Exercise requirements:
Starting with the line that contains "this 1920×1280 image.", repeat each line exactly through the final line of the listing. No picture should appear in the copy.

↓↓↓

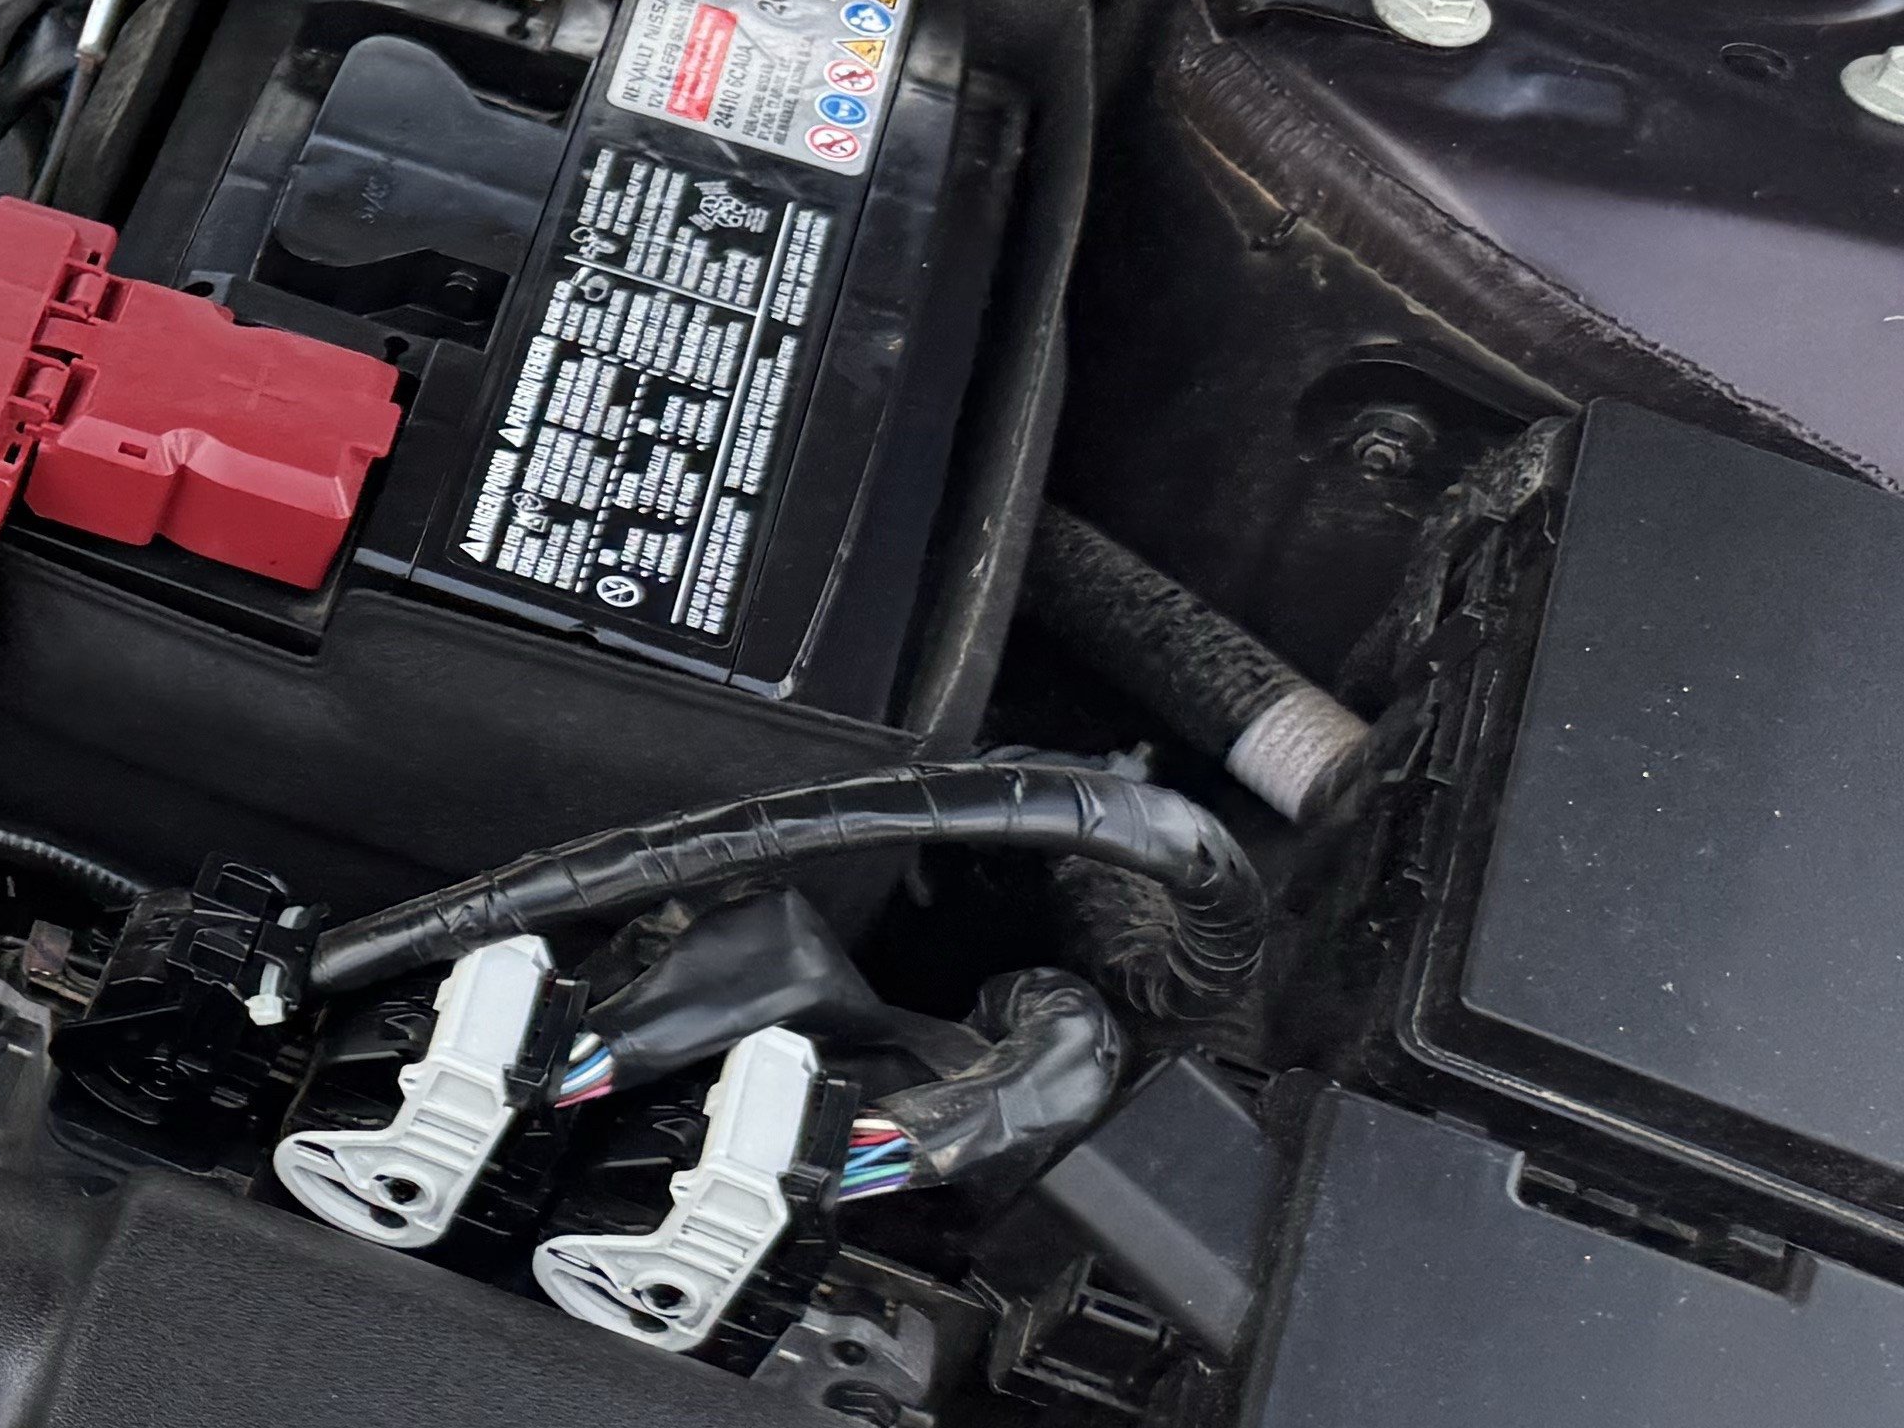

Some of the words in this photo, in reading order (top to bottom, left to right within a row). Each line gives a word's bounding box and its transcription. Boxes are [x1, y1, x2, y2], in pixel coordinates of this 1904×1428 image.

[621, 44, 654, 101] RENAULT
[712, 90, 740, 128] 24410
[506, 337, 558, 427] PELIGRO/VENENO
[467, 451, 519, 541] DANGER/POISON
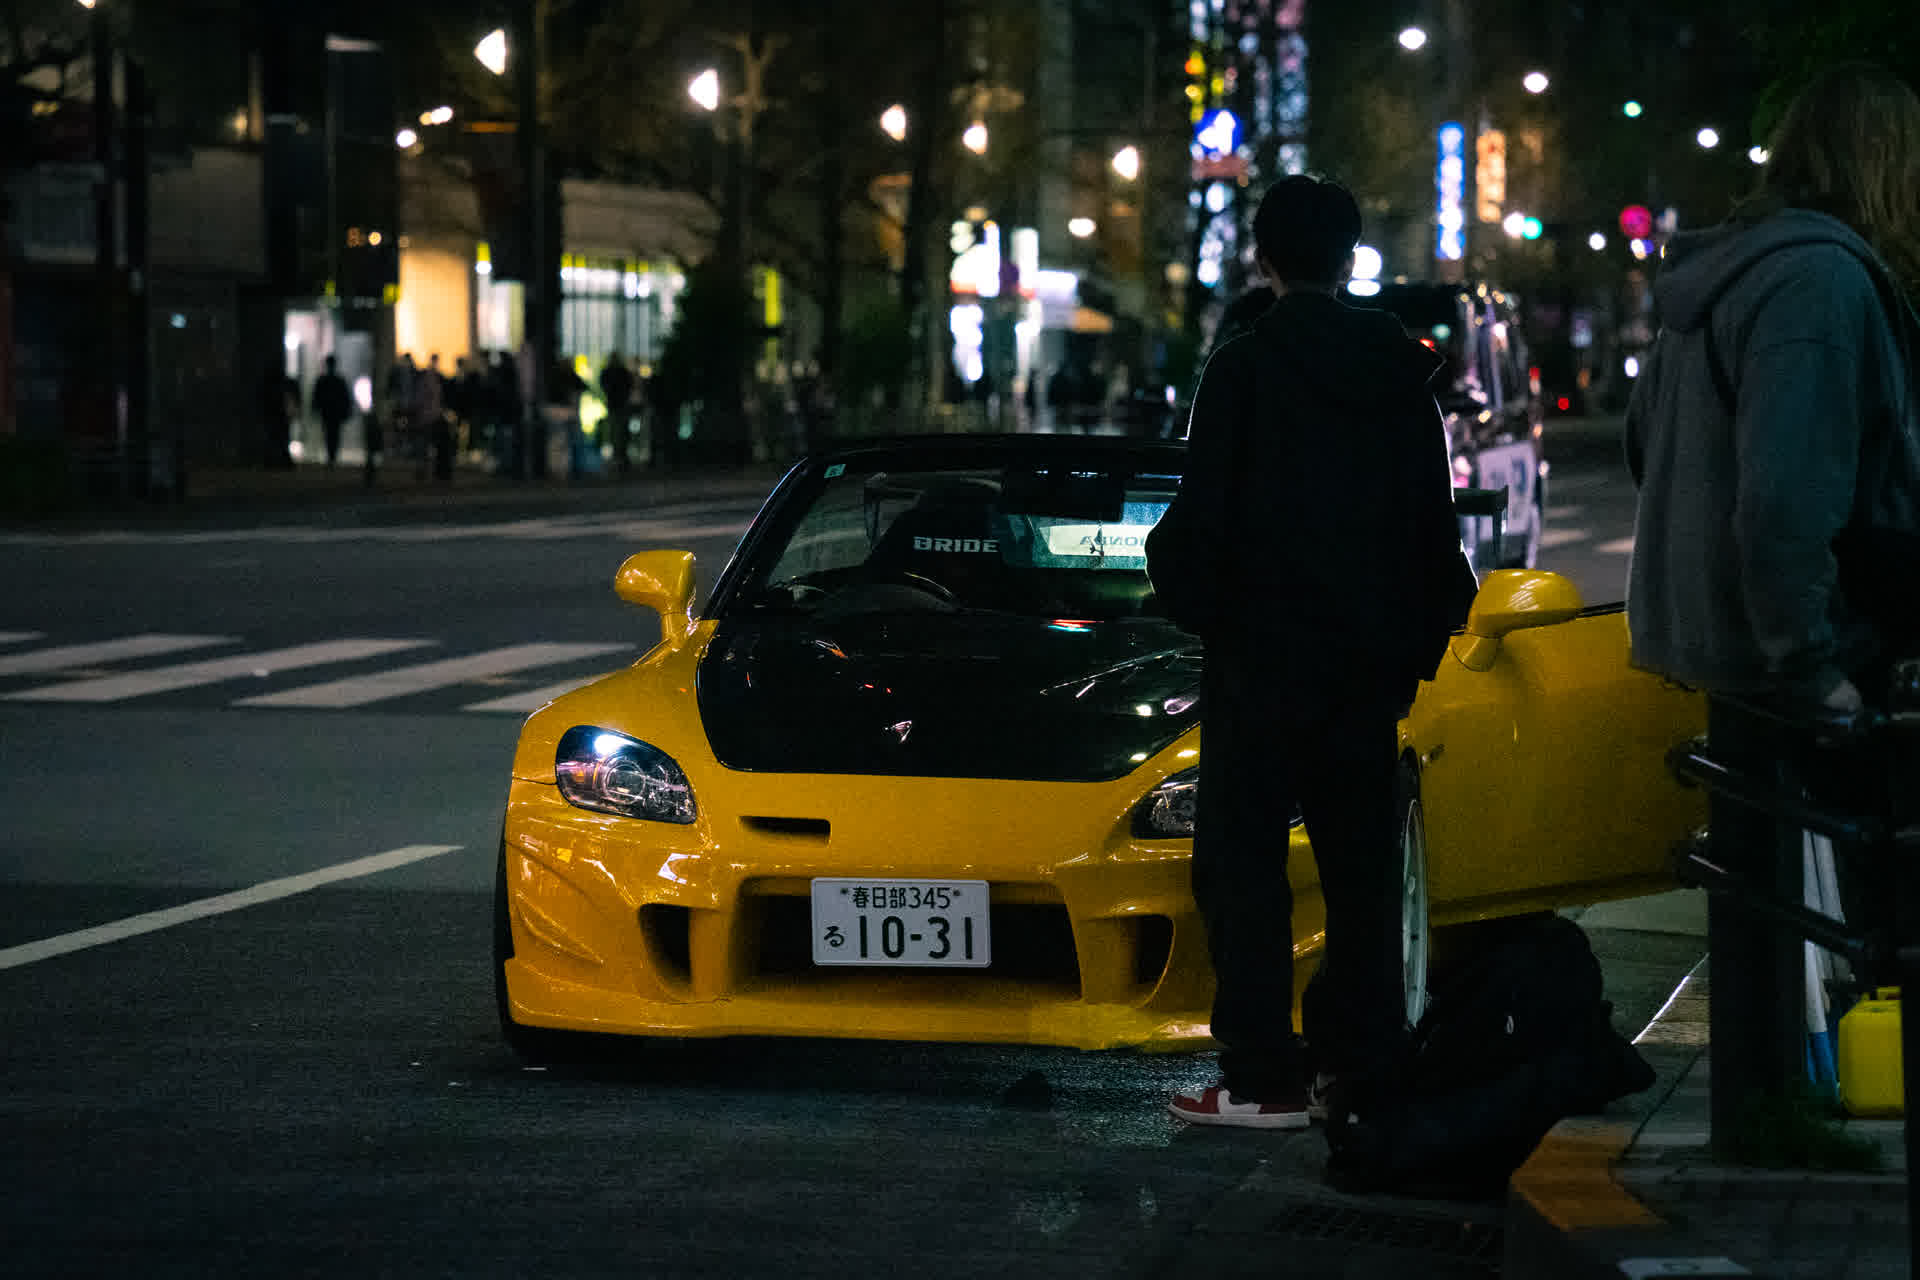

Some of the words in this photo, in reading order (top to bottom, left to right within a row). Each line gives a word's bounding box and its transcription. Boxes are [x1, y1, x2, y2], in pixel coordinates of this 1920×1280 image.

[913, 536, 999, 552] BRIDE
[852, 886, 951, 909] 春日部345
[823, 925, 845, 948] る
[858, 915, 973, 960] 10-31
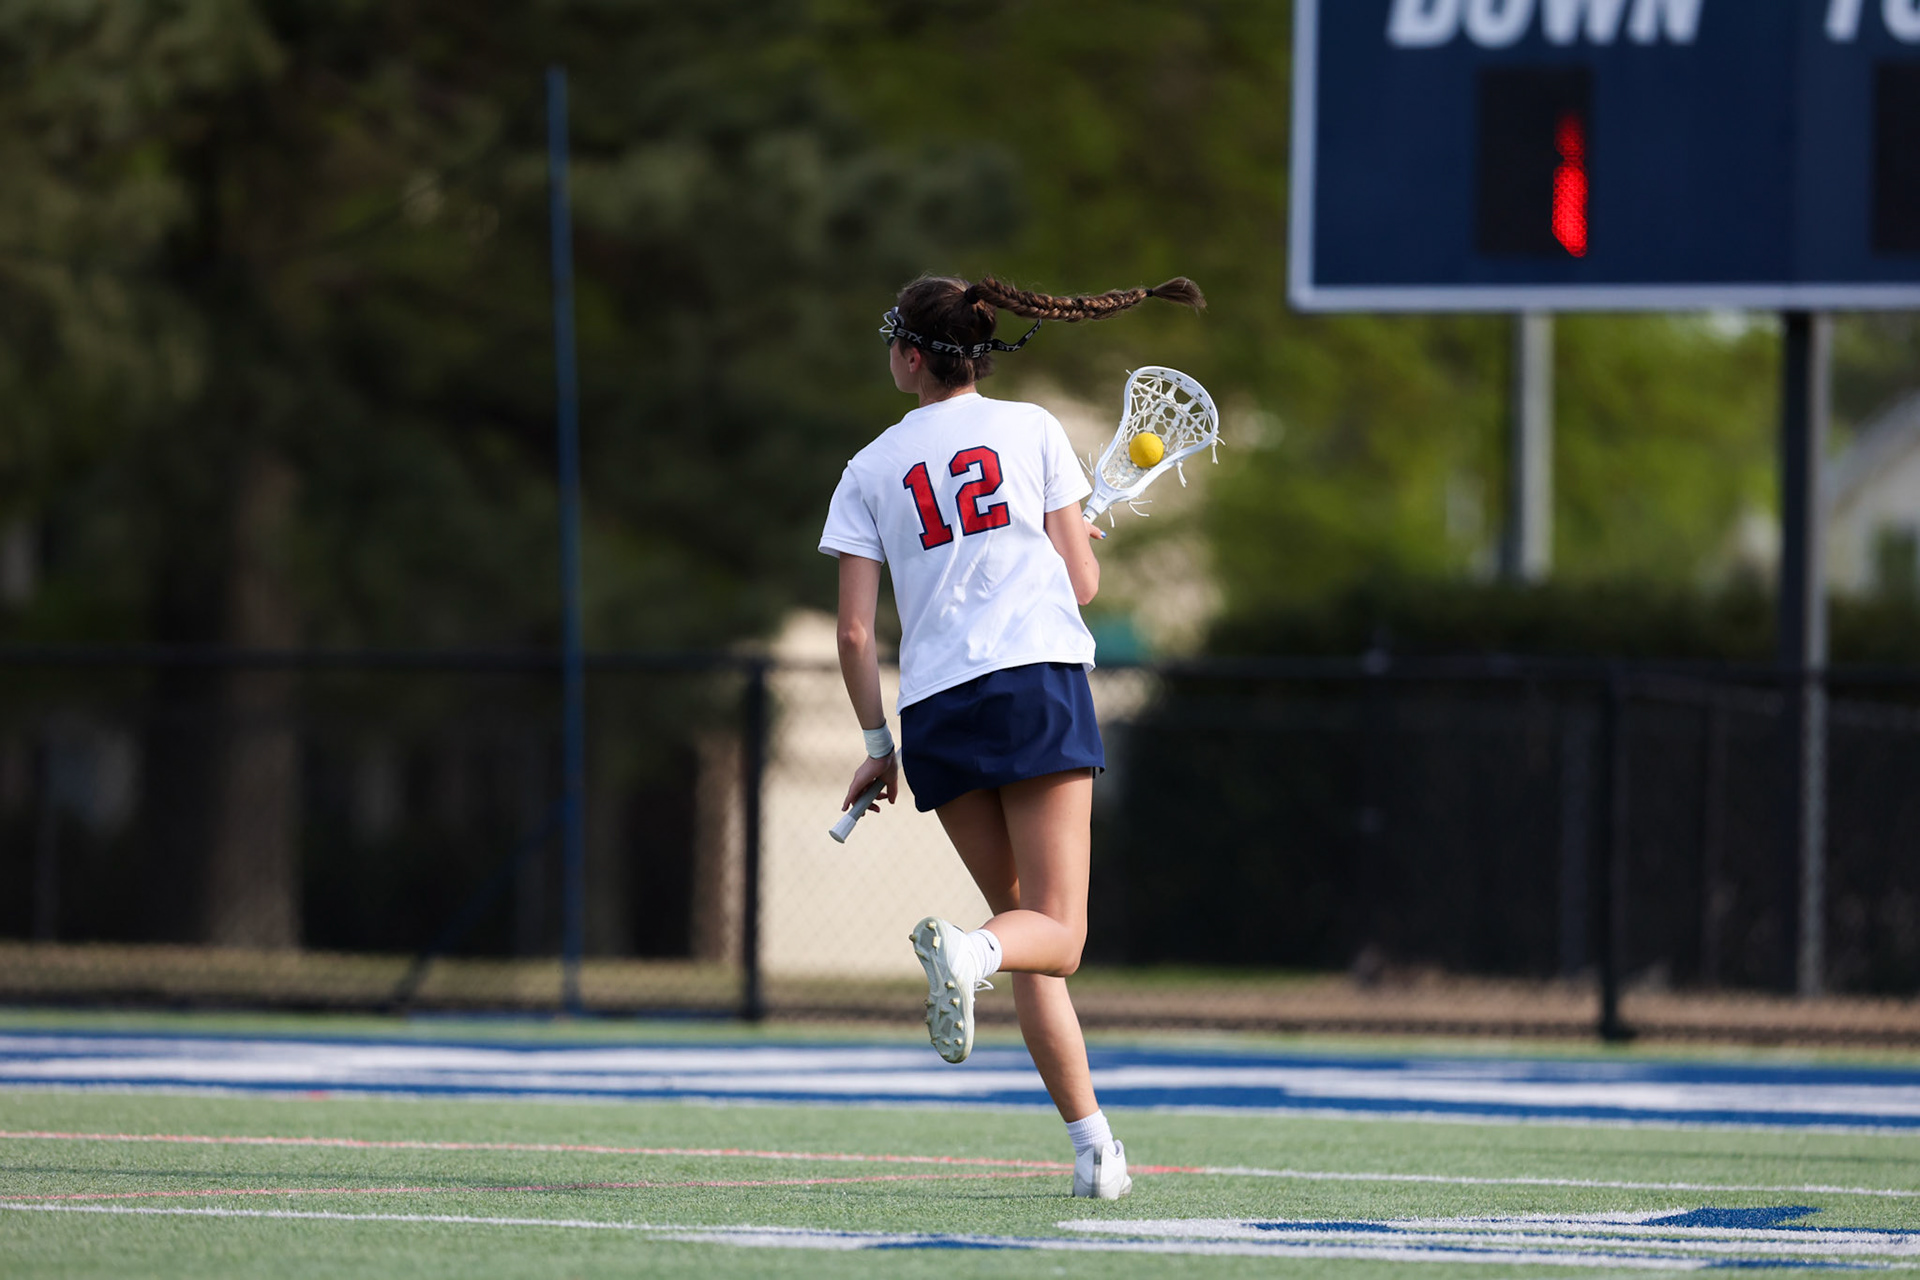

↑↑↑

Problem solution:
Some of the words in this photo, in reading order (top to bottom, left to right within a row). Each line gives a word's bounding box and its transcription. Boxes are [x1, y1, x2, y2], in pixel coordinates of this 1920×1280 image.

[913, 536, 999, 552] BRIDE
[852, 886, 951, 909] 春日部345
[823, 925, 845, 948] る
[858, 915, 973, 960] 10-31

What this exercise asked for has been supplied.